Sin embargo, en la obra de Schifano la estética pop – con su peculiar connubio, sólo en apariencia contradictorio, entre el mainstream y el underground y con la centralidad atribuida a la producción industrial de masas y a la dimensión social y privada del consumo en cuanto objetos privilegiados de la representación artística – se une a técnicas de realización experimentales y a investigaciones formales transversales a los diferentes ámbitos expresivos: de la pintura al cine, de la fotografía al teatro, de la música a las performance “multimediales” (en un sentido relativo del término, es decir referido al contexto histórico y cultural de aquel entonces en el que – además de los personal computer, Internet y los software – todavía no existían ni las videocámaras digitales, ni los teléfonos móviles, ni, para entendernos, el telecomando...). La iconografía de Schifano, en efecto, se presenta muy a menudo como meta-iconografía, es decir una iconografía de “segundo grado”: una reproducción de imágenes ya existentes que el artista de-contextualiza y, con grados variables de elaboración, vuelve a proponer en el lugar de la obra de arte como imágenes de imágenes. Vallas, fragmentos de letreros publicitarios, objetos de la vida cotidiana, imágenes de la comunicación política y comercial, elementos industriales, marcas símbolo de productos de consumo, televisores, fotogramas, semáforos y otros elementos compositivos, que inequivocamente se reanudaban a la cultura pop, en aquel entonces, empezaron a asumir un relieve cada vez más central en la poética pictórica de Schifano.

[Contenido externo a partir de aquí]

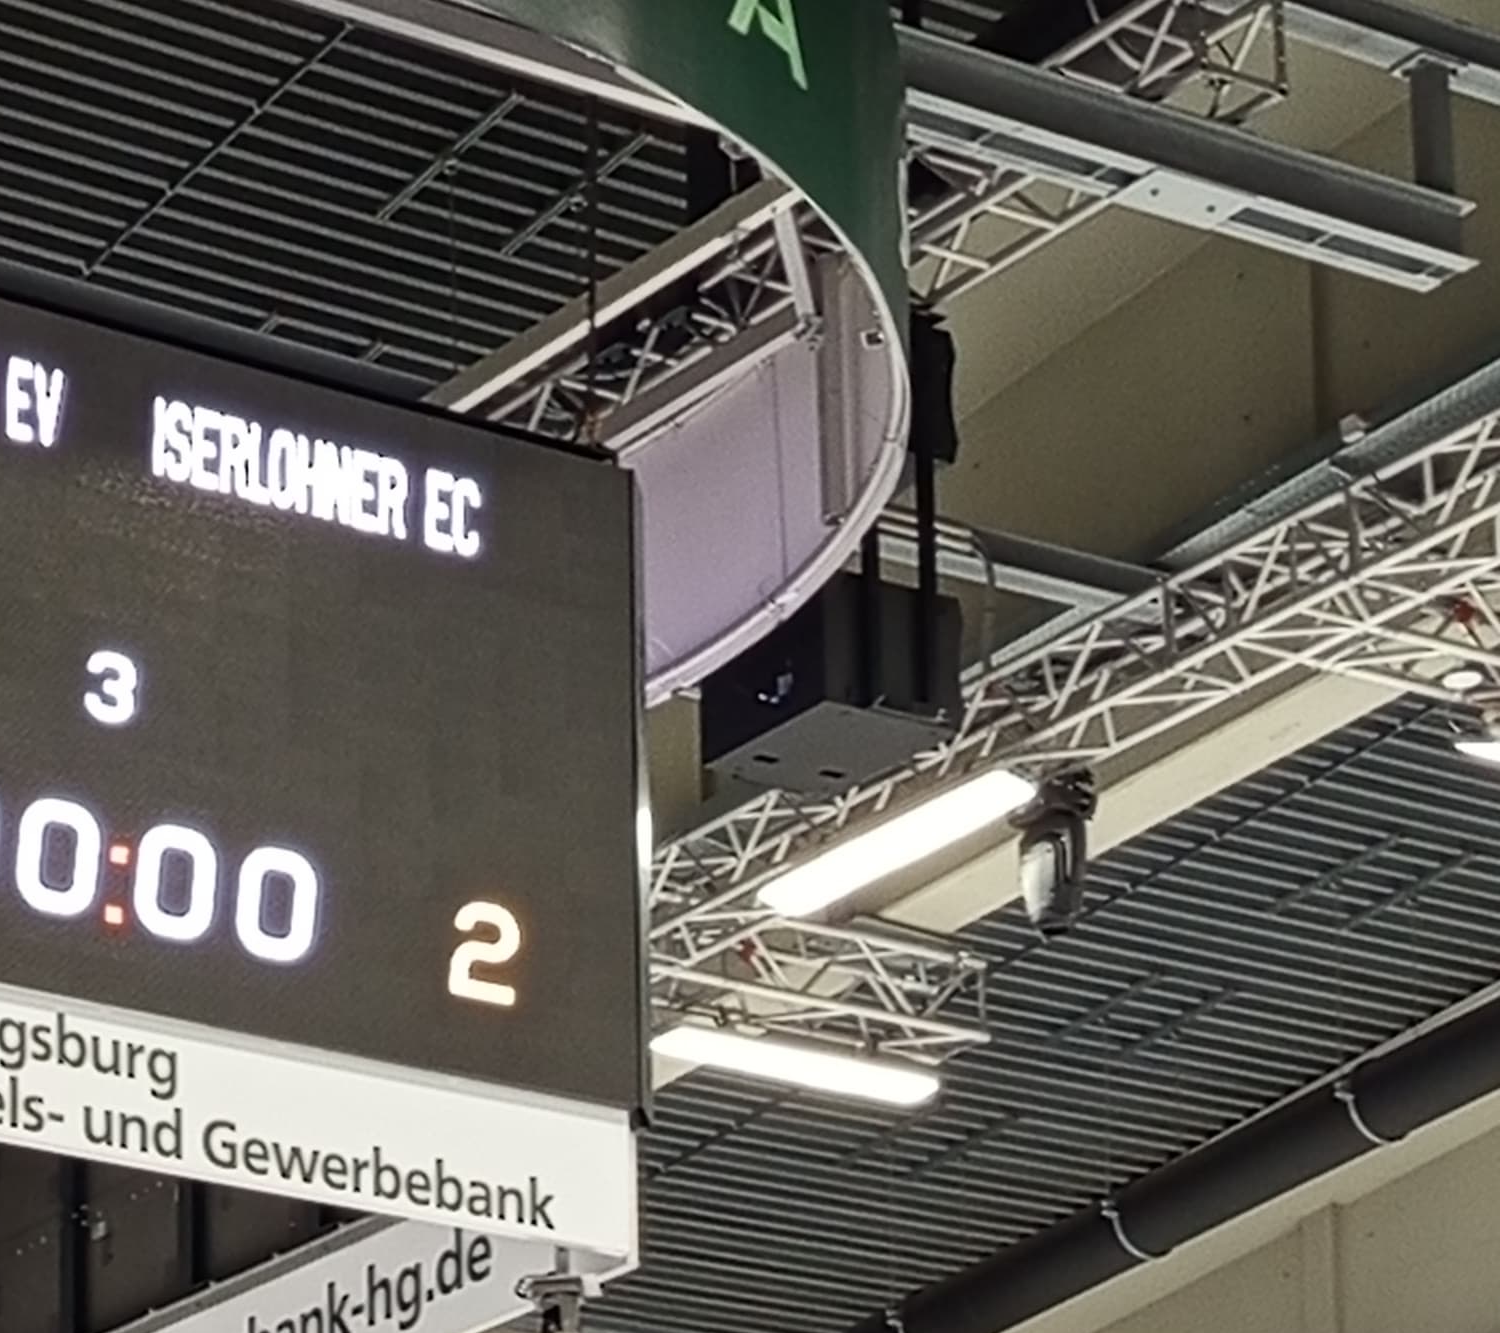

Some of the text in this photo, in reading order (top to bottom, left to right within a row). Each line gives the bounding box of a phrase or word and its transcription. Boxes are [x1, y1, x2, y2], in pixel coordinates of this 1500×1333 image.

[5, 356, 64, 447] EV
[152, 396, 482, 557] ISERLOHNER EC
[84, 651, 137, 724] 3
[448, 901, 521, 1006] 2
[84, 1108, 184, 1159] und
[202, 1121, 556, 1230] Gewerbebank

Más allá de las analogías explicitas en los temas y en los objetos representados, Schifano siempre rechazó cualquiera conexión demasiado estrecha con el Pop Art, declarando en muchas ocasiones su intento de emprender, desde un principio de su carrera, un trayecto artístico totalmente autónomo y personal. De hecho, definir la experiencia artística de Schifano simplemente como un excelente ejercicio de Pop Art a la italiana significaría encallarse en el nivel engañoso de la lucidez superficial de las analogías. Las imágenes de los celebres cuadros en los que Schifano pintó, sobre monocromos goteantes, fragmentos de marcas comerciales como Coca Cola o Esso, en lugar de volver a proponer lo mecánico geométrico, perfecto y repetitivo de la publicidad, en realidad, pretenden exaltar la subjetividad (y junto a ella la unicidad) de la ejecución manual del artista, que, en el mismo tiempo en que le representa, se apropia del objeto de consumo y le reelabora a su manera. Desde esta perspectiva, entonces, los letreros comerciales de Schifano llevan un sentido profundo muy diferente con respecto, por ejemplo, a la obra Campbell's Soup Cans de Andy Warhol del 1962, o a los cómics agrandados de Roy Lichtenstein. En realidad, más allá de las apariencias, hay una diferencia substancial entre las dos miradas hacia el objeto de consumo: una diferencia ideológica y ontológica; no solamente estilística. Es decir, una diferencia entre dos mundos y entre dos culturas, que inspiran de una manera profundamente distinta el gesto creativo. Una diferencia que se funda sobre una concepción claramente distinta del hombre y del artista, y del rol que se les atribuye dentro de la sociedad contemporánea.

Muy en síntesis, podríamos resumir esta diferencia como la contraposición entre, por un lado, el mecanicismo de la reproducción perfectamente serial (en el sentido de culto de lo estándar atemporal) por parte de los artistas americanos, contrapuesto, por otro lado, al humanismo subjetivista (es decir la afirmación de la subjetividad histórica única e irrepetible del autor) por parte de Schifano.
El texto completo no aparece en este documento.